### PROBLEM
Copy out the full data exactly as given; pictures should not be included.

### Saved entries
--- --- ---
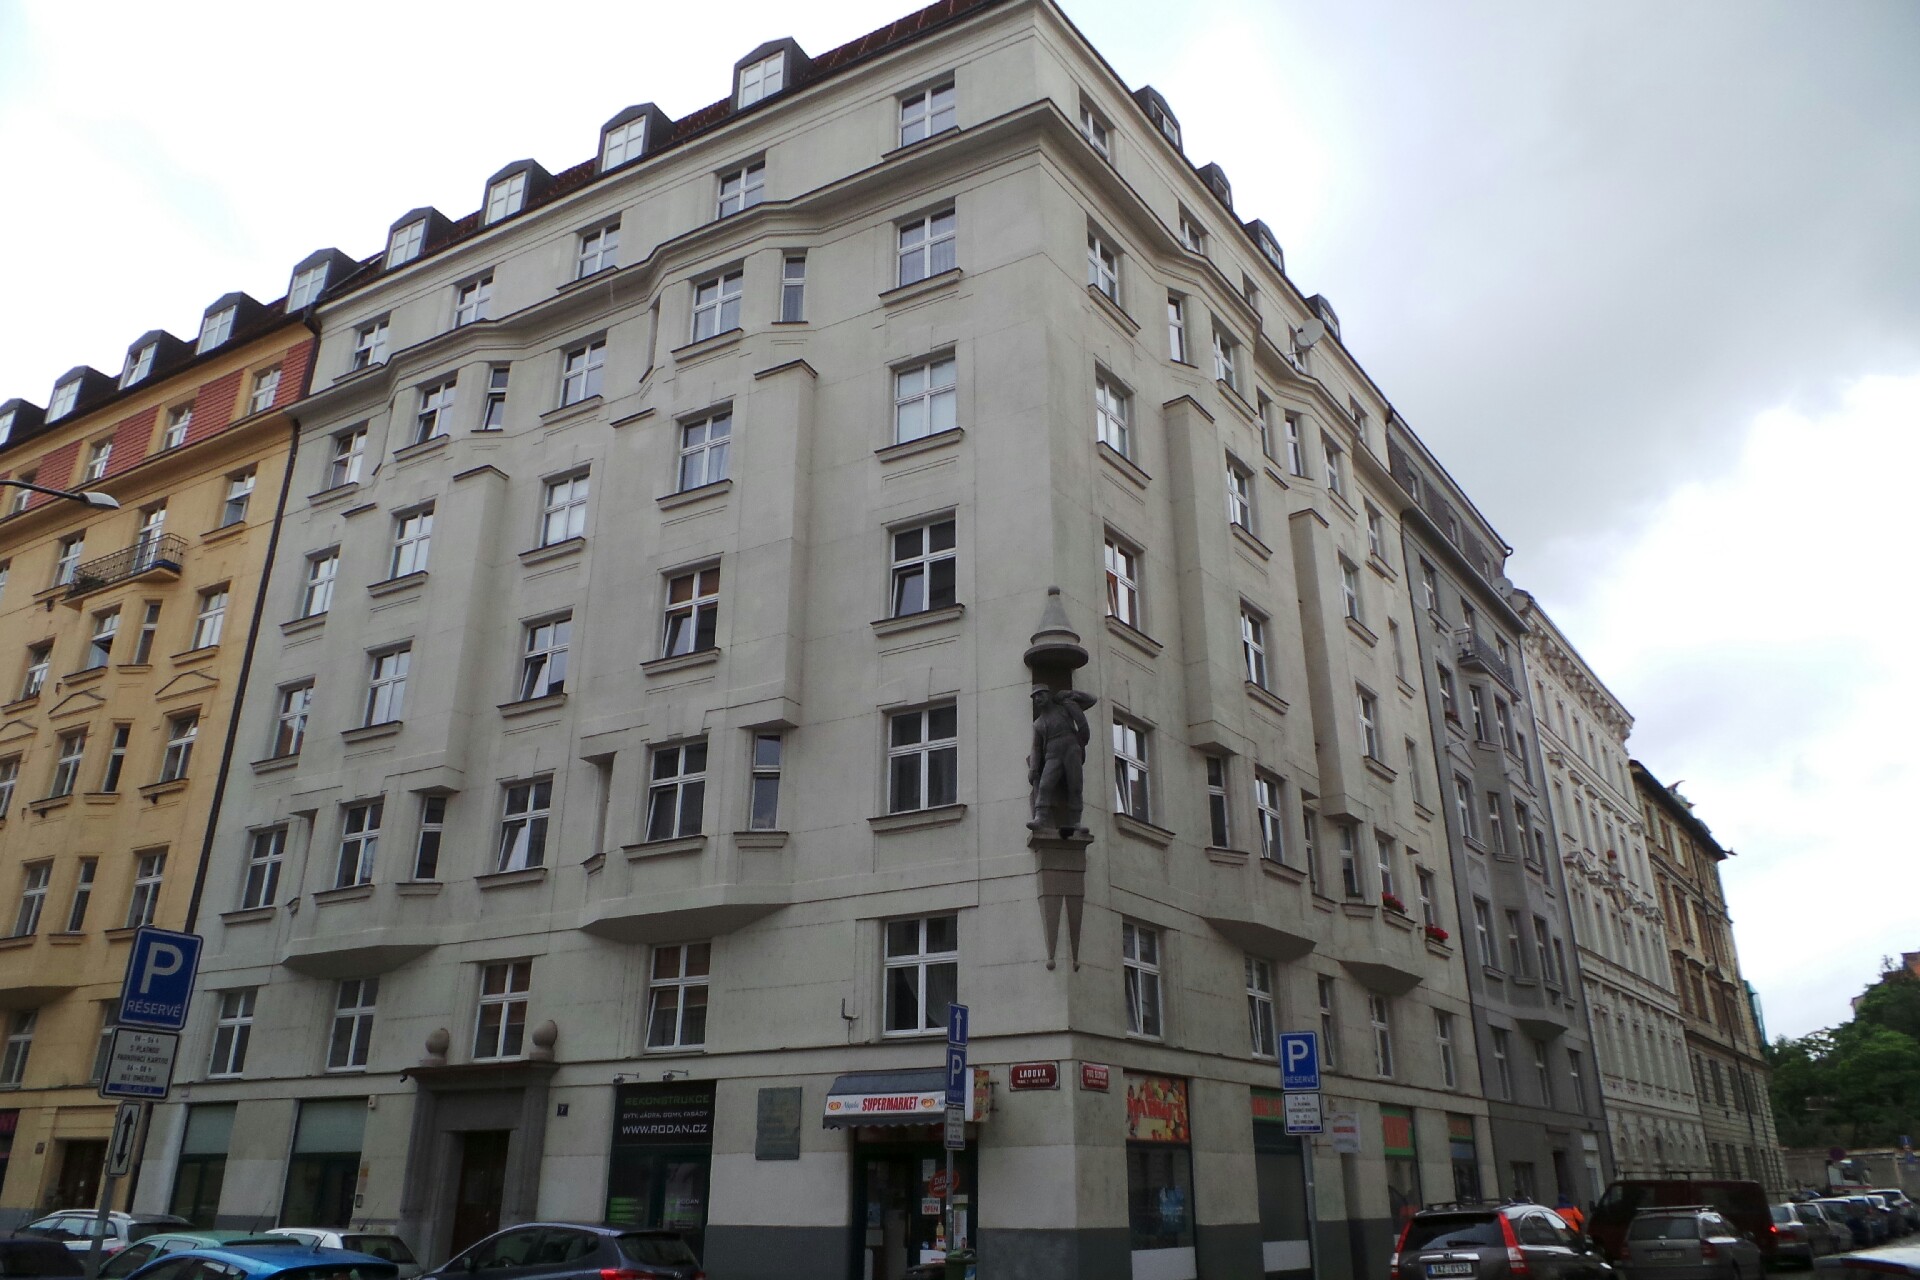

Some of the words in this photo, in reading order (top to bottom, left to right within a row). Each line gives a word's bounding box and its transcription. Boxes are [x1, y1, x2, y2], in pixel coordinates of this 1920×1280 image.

[139, 941, 183, 994] P
[127, 999, 182, 1018] RÉSERVÉ
[1287, 1039, 1309, 1072] P
[950, 1054, 962, 1086] P
[1019, 1068, 1046, 1078] LADOVA
[624, 1094, 710, 1106] REKONSTRUKCE
[861, 1096, 919, 1112] SUPERMARKET
[622, 1124, 708, 1135] WWW.RODAN.CZ
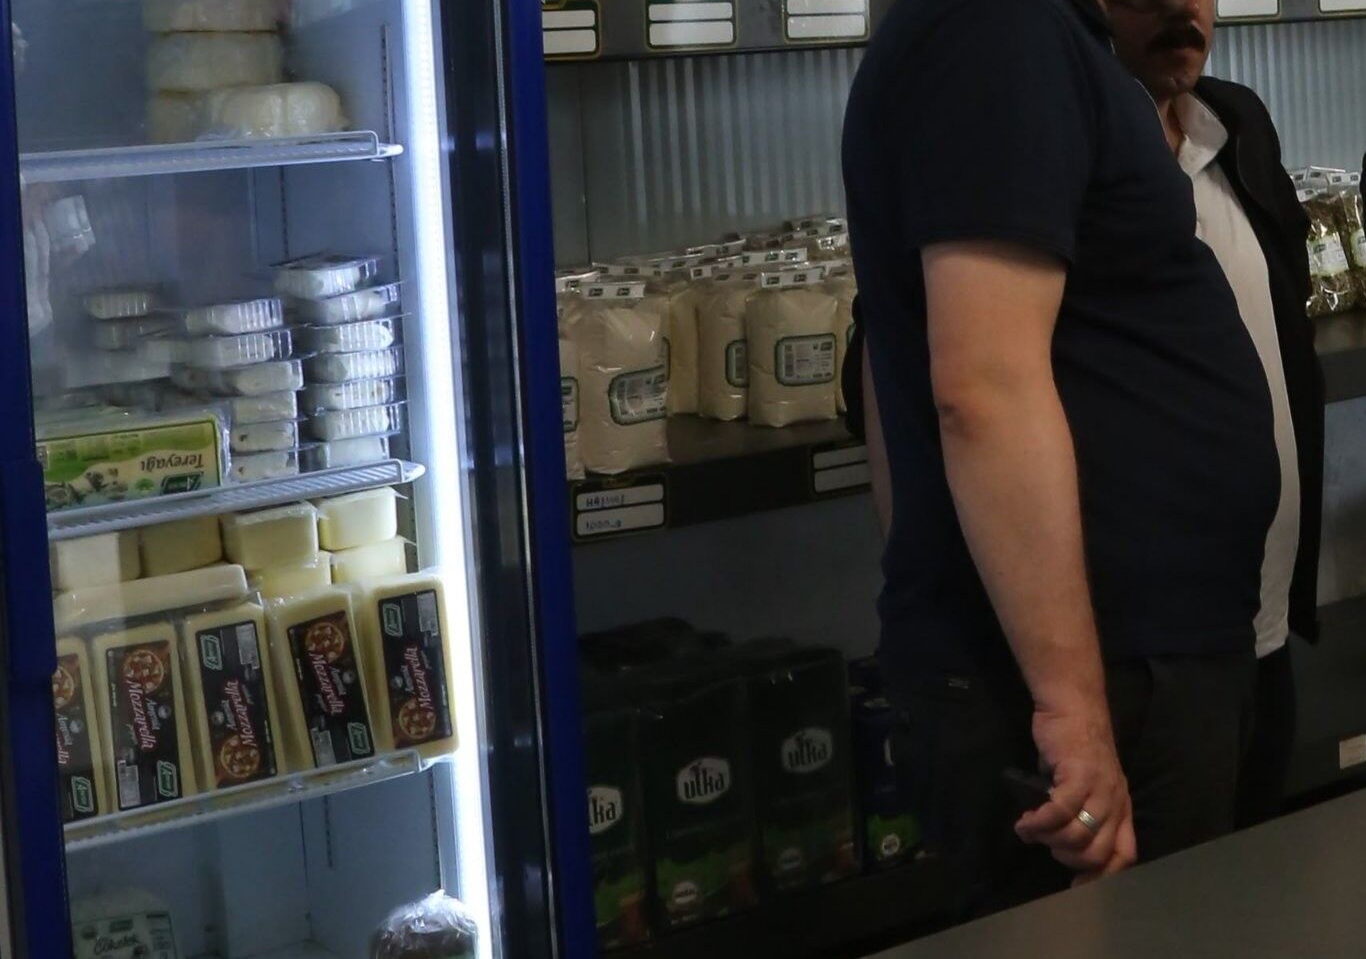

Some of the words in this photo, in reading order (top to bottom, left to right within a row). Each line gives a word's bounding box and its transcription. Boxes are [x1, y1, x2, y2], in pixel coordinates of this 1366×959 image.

[140, 453, 204, 473] Tereyağı
[307, 651, 345, 714] Mozzarella
[404, 645, 434, 709] Mozzarella
[125, 679, 159, 750] Mozzarella
[223, 678, 258, 748] Mozzarella
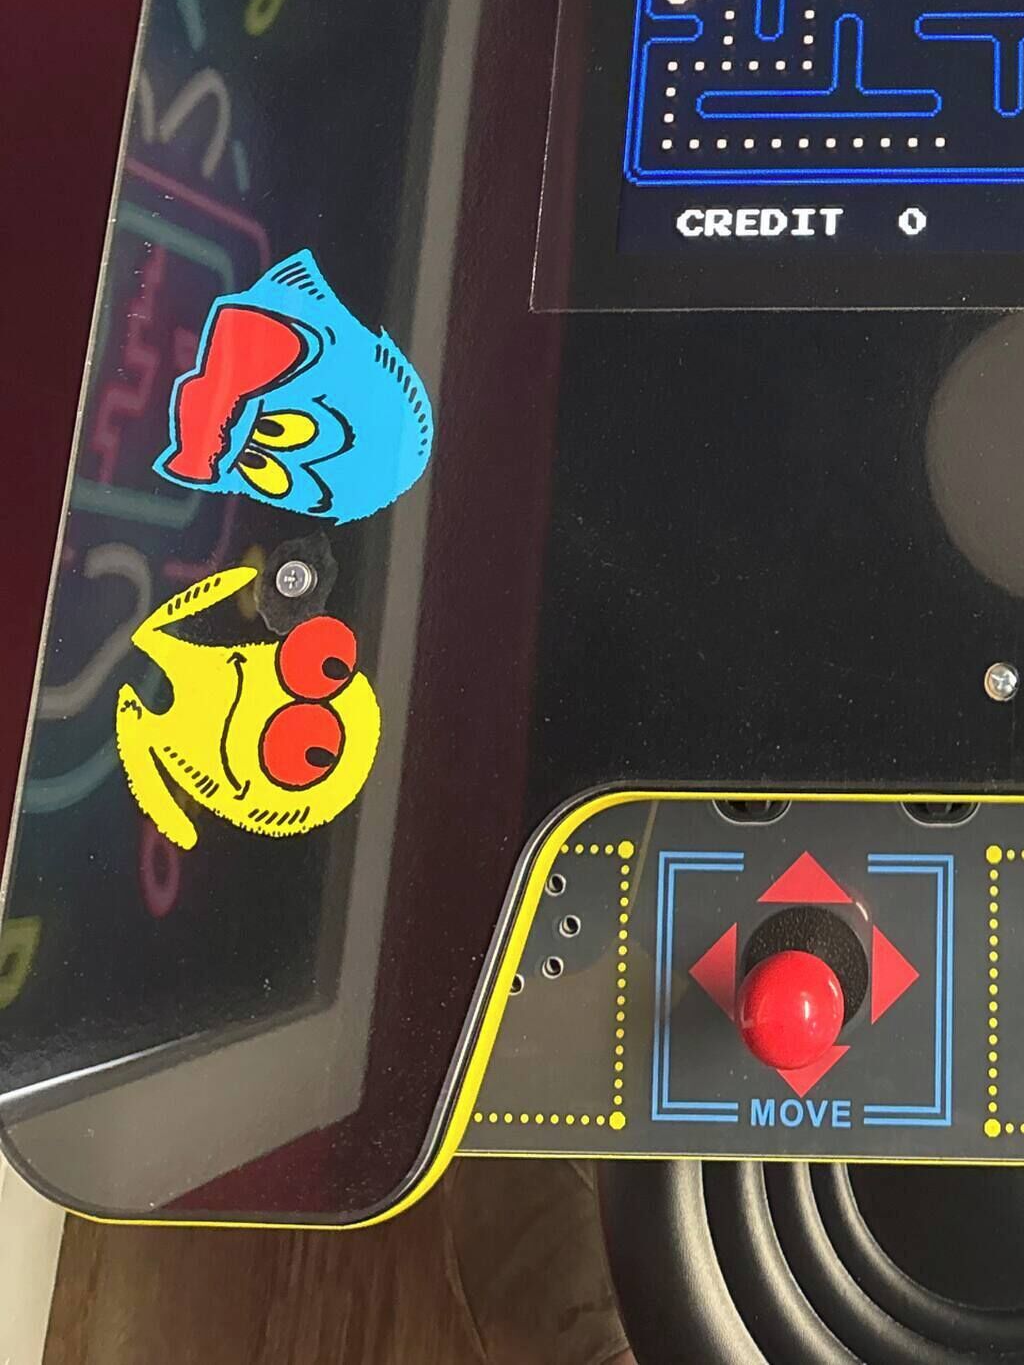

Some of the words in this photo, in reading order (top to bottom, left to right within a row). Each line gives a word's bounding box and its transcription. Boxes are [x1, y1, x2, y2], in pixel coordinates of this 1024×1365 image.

[676, 207, 844, 237] CREDIT
[898, 207, 927, 235] 0
[750, 1098, 852, 1128] MOVE
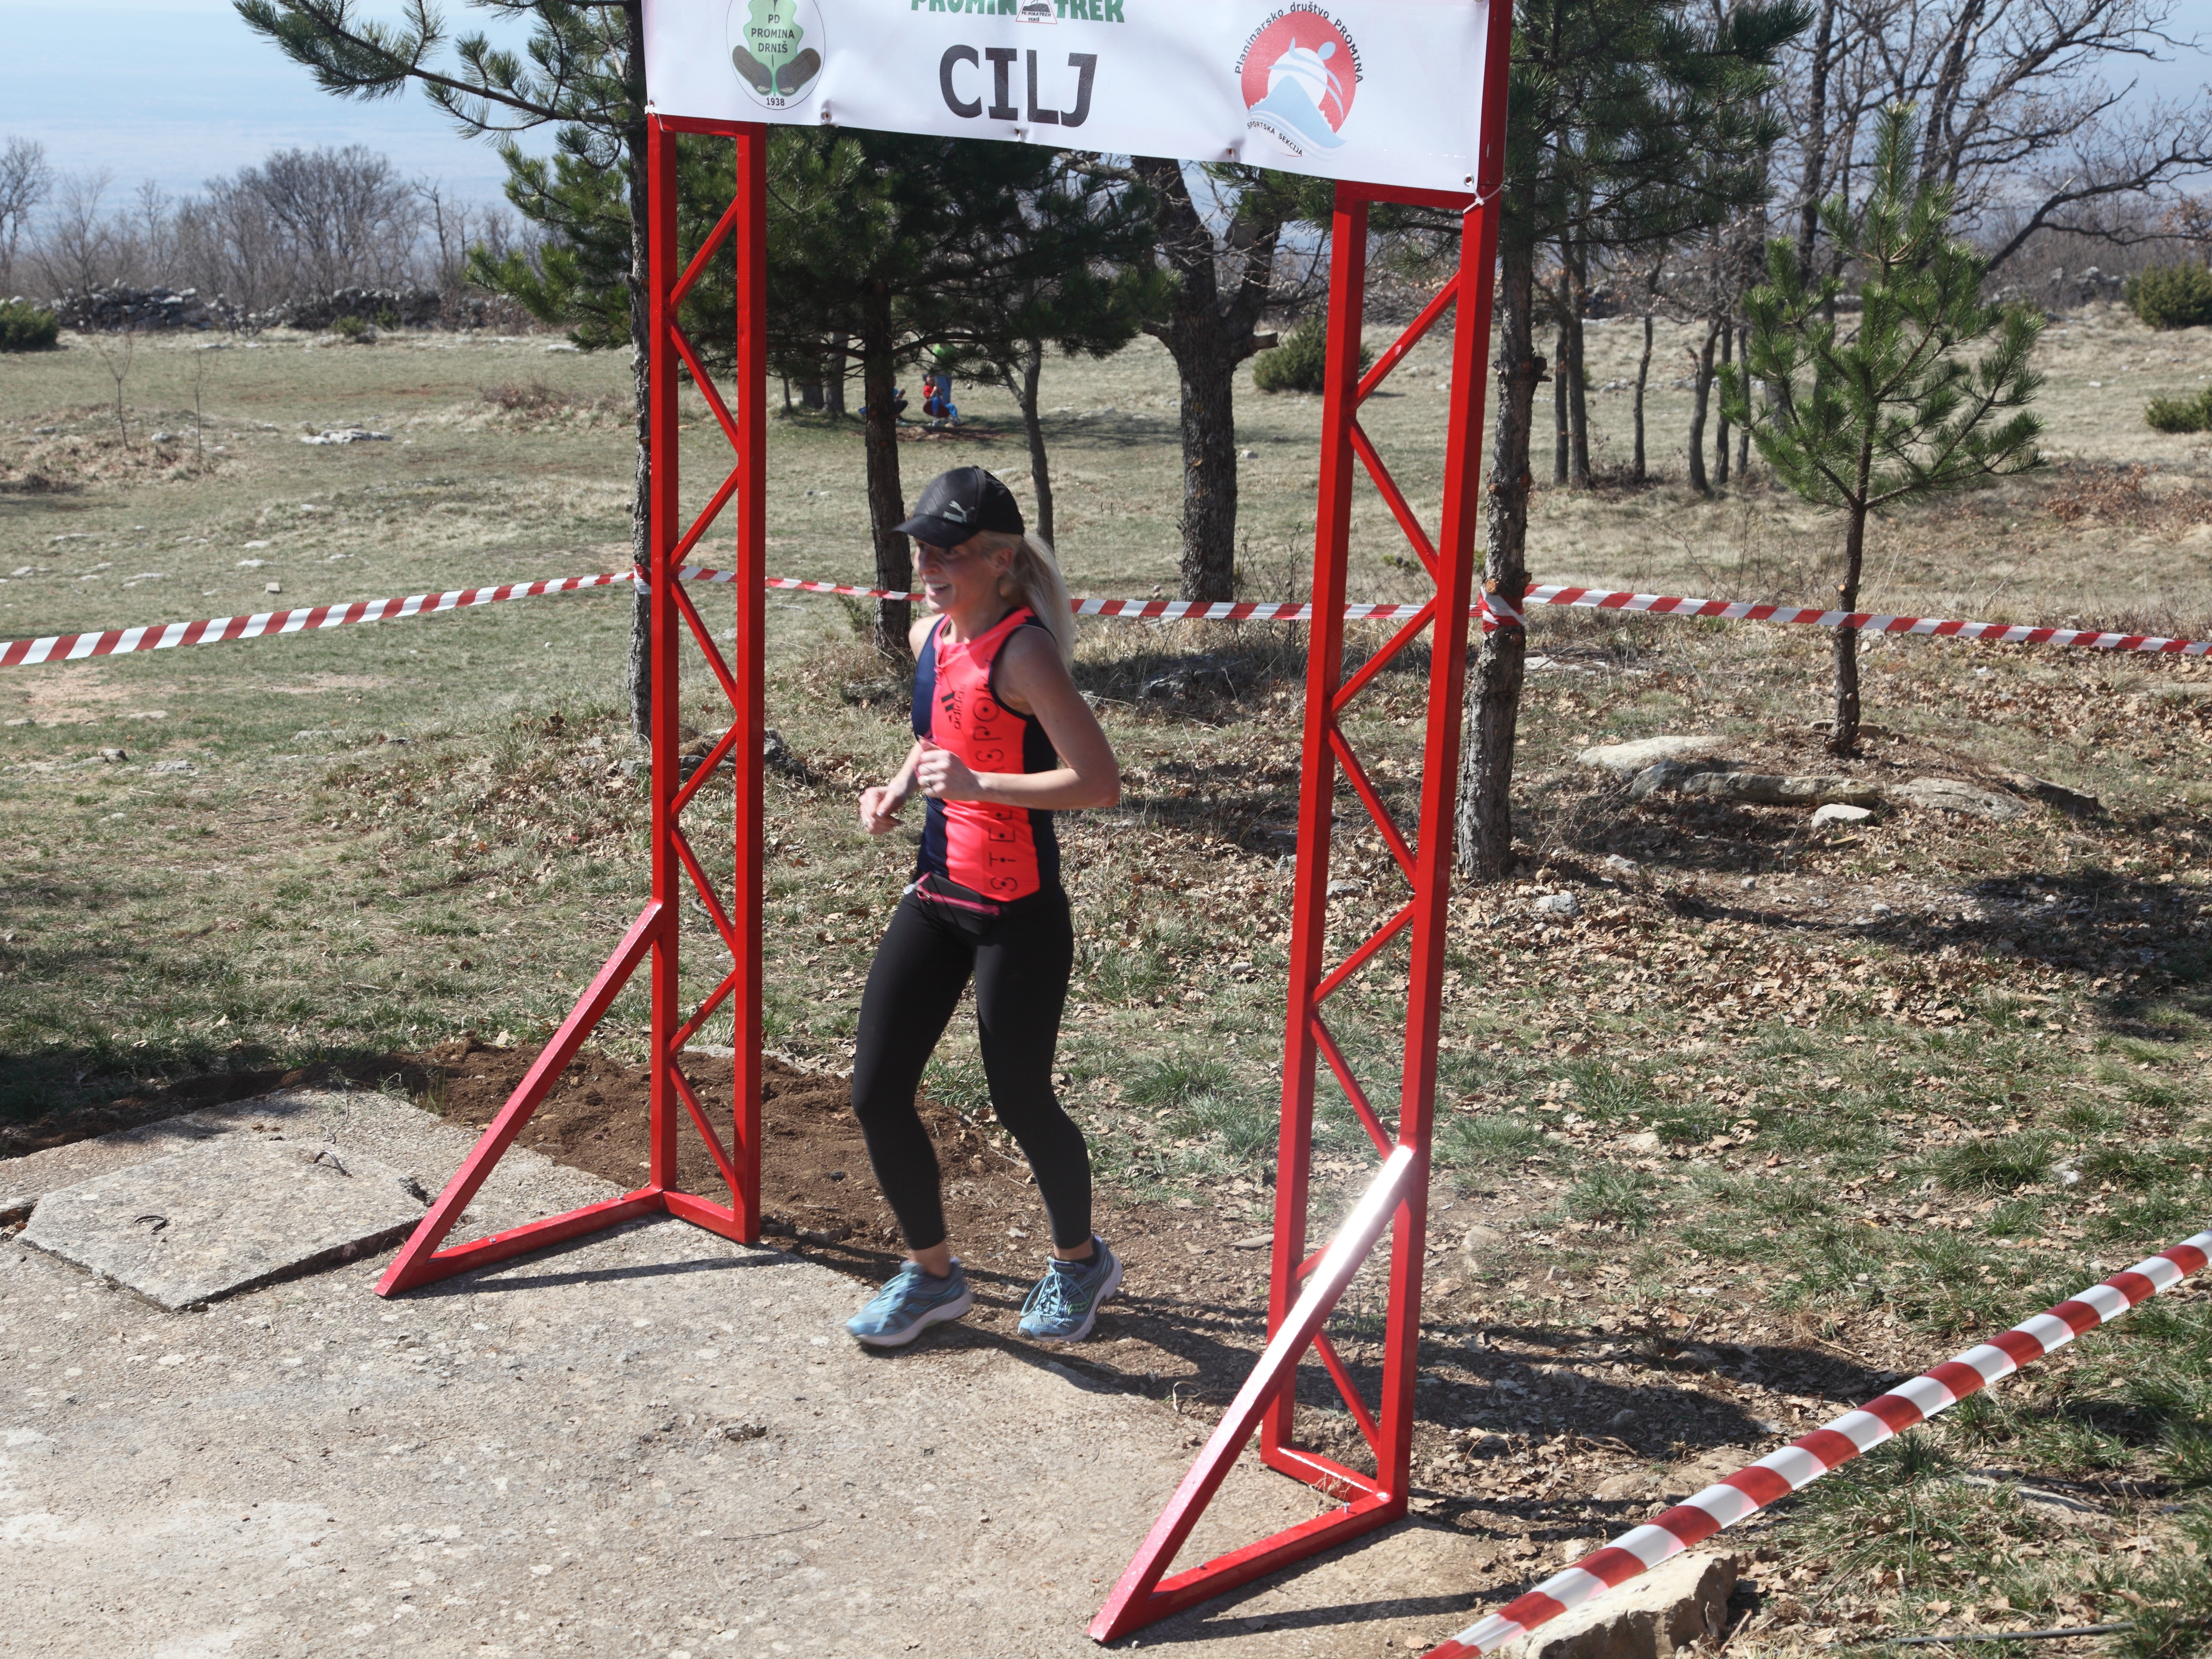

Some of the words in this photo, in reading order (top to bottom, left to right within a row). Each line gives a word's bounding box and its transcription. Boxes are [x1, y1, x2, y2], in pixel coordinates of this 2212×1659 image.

[768, 14, 780, 23] PD
[1054, 0, 1125, 23] TREK
[751, 27, 794, 39] PROMINA
[1235, 9, 1284, 74] Planinarsko
[1290, 1, 1329, 19] društvo
[1334, 18, 1363, 83] PROMINA
[758, 40, 788, 53] DRNIŠ
[939, 44, 1098, 128] CILJ
[766, 97, 785, 107] 1938
[1247, 121, 1275, 135] SPORTSKA
[1278, 132, 1302, 156] SEKCIJA
--- --- ---
### OUTPUT FOR THIS EXERCISE
Some of the words in this photo, in reading order (top to bottom, left to right within a row). Each line gives a word's bounding box and its transcription. Boxes are [x1, y1, x2, y2], in pixel coordinates of this 1920×1280 image.

[139, 941, 183, 994] P
[127, 999, 182, 1018] RÉSERVÉ
[1287, 1039, 1309, 1072] P
[950, 1054, 962, 1086] P
[1019, 1068, 1046, 1078] LADOVA
[624, 1094, 710, 1106] REKONSTRUKCE
[861, 1096, 919, 1112] SUPERMARKET
[622, 1124, 708, 1135] WWW.RODAN.CZ

Some of the words in this photo, in reading order (top to bottom, left to right within a row). Each line gives a word's bounding box and its transcription. Boxes are [x1, y1, x2, y2], in pixel coordinates of this 1366×959 image.

[140, 453, 204, 473] Tereyağı
[307, 651, 345, 714] Mozzarella
[404, 645, 434, 709] Mozzarella
[125, 679, 159, 750] Mozzarella
[223, 678, 258, 748] Mozzarella

Some of the words in this photo, in reading order (top to bottom, left to right within a row). Each line gives a word's bounding box and its transcription. Boxes are [x1, y1, x2, y2], in pixel coordinates of this 1024×1365 image.

[676, 207, 844, 237] CREDIT
[898, 207, 927, 235] 0
[750, 1098, 852, 1128] MOVE

Some of the words in this photo, in reading order (top to bottom, left to right within a row). Each line gives a word's bounding box and its transcription. Boxes are [x1, y1, x2, y2], in pixel coordinates of this 2212×1659 image.

[768, 14, 780, 23] PD
[1054, 0, 1125, 23] TREK
[751, 27, 794, 39] PROMINA
[1235, 9, 1284, 74] Planinarsko
[1290, 1, 1329, 19] društvo
[1334, 18, 1363, 83] PROMINA
[758, 40, 788, 53] DRNIŠ
[939, 44, 1098, 128] CILJ
[766, 97, 785, 107] 1938
[1247, 121, 1275, 135] SPORTSKA
[1278, 132, 1302, 156] SEKCIJA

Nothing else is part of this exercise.